Dopo aver citofonato, la madre di Lia mi fece salire senza troppe spiegazioni, quando mi aprì mi accolse con il suo solito sorriso dolce. «Giusy! Che piacere, è da un po' che non ci vediamo», mi diede un bacio delicato sulla guancia e mi fece entrare. Erica era la copia spiccicata di Lia, occhi grandi e grigi, capelli biondi lisci come spaghetti e un'eleganza innata in ogni gesto, dal tono della voce ai suoi movimenti quotidiani.

«Ciao! Lia è pronta?», domandai con un entusiasmo forzato.

«Sì, sta finendo di prendere le ultime cose nella sua stanza», poi guardò il suo orologio, «io scappo altrimenti faccio tardi in ufficio! Ci vediamo in Brasile».

«Venite anche tu e Massimiliano?», le domandai educatamente.

«Ovviamente, avevamo già preso i biglietti nel caso...», si bloccò un attimo come se si fosse resa conto che stava per dire qualcosa di inopportuno, «sarà una bella esperienza», concluse mettendosi la giacca.

Poi uscì lasciando una scia di profumo fruttato.

La casa ora era piombata nel silenzio, attraversai il corridoio per dirigermi verso la stanza di Lia e poi bussai delicatamente.

«Entra» .

Aprii la porta con cautela, i discorsi che mi ero preparata in macchina erano finiti nel dimenticatoio, ormai. Lia era di spalle davanti lo specchio intenta a legare i suoi capelli in una treccia lunghissima.

«Sono quasi pronta», esclamò rompendo il silenzio visto che io avevo la bocca impastata e non riuscivo a parlare.

«Sono qui per chiederti scusa, Lia», ammisi poco dopo osservando i suoi occhi riflessi nello specchio.

«Ah sì, e di cosa?». Il suo tono era stranamente calmo e piatto.

«Quello che ho detto, insomma, Sveva mi stava provocando e...», sentivo un grosso nodo in gola, «non penso quelle cose».

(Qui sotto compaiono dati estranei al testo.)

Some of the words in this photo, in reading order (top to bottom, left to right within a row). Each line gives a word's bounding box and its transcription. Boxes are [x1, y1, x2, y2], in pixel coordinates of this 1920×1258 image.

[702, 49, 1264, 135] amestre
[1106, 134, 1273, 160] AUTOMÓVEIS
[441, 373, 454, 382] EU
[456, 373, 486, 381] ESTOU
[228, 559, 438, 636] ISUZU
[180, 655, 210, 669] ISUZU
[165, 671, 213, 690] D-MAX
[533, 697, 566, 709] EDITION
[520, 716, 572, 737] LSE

«È la verità, perì. Io sono sempre stata un passo dietro di te», specificò con un sospiro, «ieri, un mese fa e l'anno scorso. Da sempre».

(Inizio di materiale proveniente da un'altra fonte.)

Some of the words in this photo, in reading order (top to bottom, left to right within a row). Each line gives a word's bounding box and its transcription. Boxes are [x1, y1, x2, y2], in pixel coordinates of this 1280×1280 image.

«Non dire così», mormorai avvicinandomi a lei che continuava a darmi le spalle.

«Ho creduto in qualcosa che non era mio», continuò, «Jesolo aveva già stabilito le cose. Questa notte ci ho pensato e ho capito che se ti avessi battuta mi sarei sentita in colpa».

«Non avresti dovuto, sei bravissima e la ginnastica è imprevedibile, noi lo sappiamo bene», risposi sorridendo debolmente e appoggiandole una mano sulla spalla.

Lia, inaspettatamente, sovrappose la sua alla mia: «vincerai anche per me?».

Riflettei bene alla risposta: «aver chiarito con te è l'unica cosa a cui riesco a pensare adesso, sei parte della mia famiglia, sei la sorella che avrei voluto avere».

«Ma noi siamo sorelle!», obiettò girandosi per abbracciarmi.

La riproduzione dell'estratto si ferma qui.